Sollte bis zum 23. August keine Regierungsbildung erfolgt sein, muss der Präsident eine Wahlwiederholung einleiten. Lange schien dies Erdogans Präferenz zu sein. Dahinter stand seine Hoffnung, in einer chauvinistisch aufgeladenen Atmosphäre von Krieg und Gewalt Stimmen nationalistischer Wähler von der faschistischen Partei der Nationalistischen Bewegung (MHP) für die AKP zurückzugewinnen und gleichzeitig die prokurdische Demokratische Partei der Völker (HDP) wieder unter die Zehn-Prozent-Hürde zu treiben. Doch Umfragen zeigen die HDP derzeit trotz einer Zunahme von PKK-Angriffen auf die Armee eher noch gestärkt. Die Luftangriffe auf PKK-Camps und die Aufkündigung des Friedensprozesses durch die Regierung haben noch den letzten konservativ-religiösen Kurden ihre Illusionen in die AKP genommen.

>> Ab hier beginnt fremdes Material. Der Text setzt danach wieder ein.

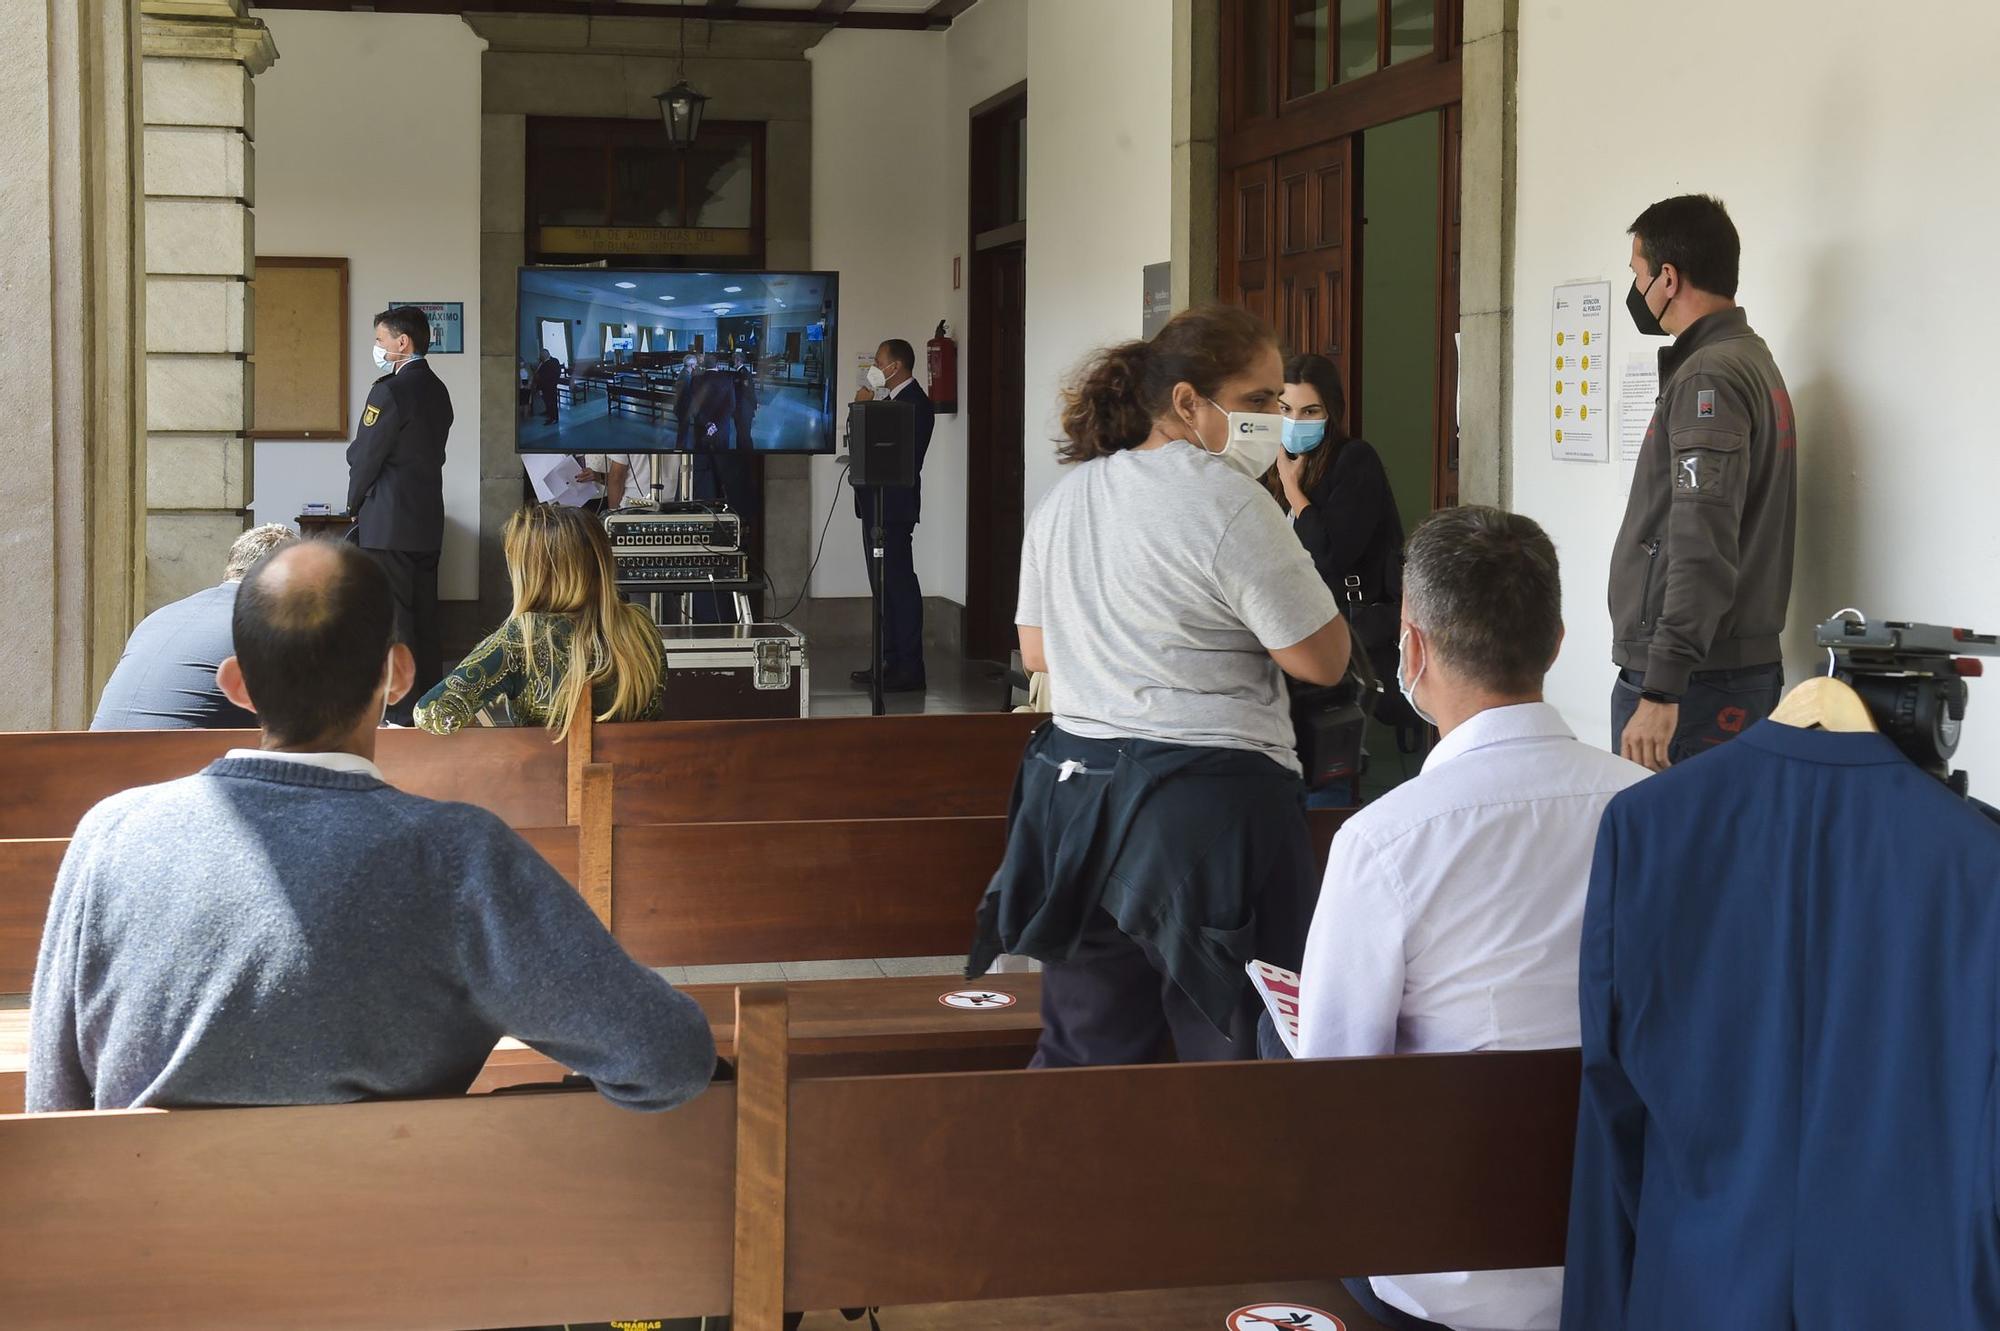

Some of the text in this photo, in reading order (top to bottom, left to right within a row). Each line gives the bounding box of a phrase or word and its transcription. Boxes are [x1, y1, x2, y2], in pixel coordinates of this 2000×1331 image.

[575, 229, 716, 241] SALA DE AUDIENCIAS DEL

Die AKP werde nicht zögern, im Falle eines Scheiterns der Koalitionsbildung mit der CHP an der Tür der faschistischen Partei der Nationalistischen Bewegung (MHP) zu klopfen, zitierte die Tageszeitung Hürriyet Daily News am Dienstag Vizeministerpräsident Bülent Arinc. MHP-Führer Devlet Bahceli hatte zwar eine Beteiligung an einer Regierung ausgeschlossen, aber erklärt, seiner Verantwortung gegenüber der Nation nachzukommen. Tatsächlich zeichnet sich jetzt die Option einer von der MHP tolerierten AKP-Minderheitsregierung ab. Da es zu den Prinzipien der MHP gehört, niemals gemeinsam mit der prokurdischen HDP abzustimmen, würde sich die MHP bei einer Vertrauensabstimmung gegen eine AKP-Minderheitsregierung enthalten. »Der Kernpunkt dieses Plan B der AKP ist die indirekte Unterstützung durch die MHP, die solange in allen Fällen untätig bleiben wird, wie die Regierung ihren neuen Hardlinerkurs gegenüber den Kurden beibehält«, schrieb der Kolumnist Murat Yetkin am Dienstag in Hürriyet Daily News. Der Preis wäre also eine Verschärfung des Krieges gegen die Kurden im In- und Ausland.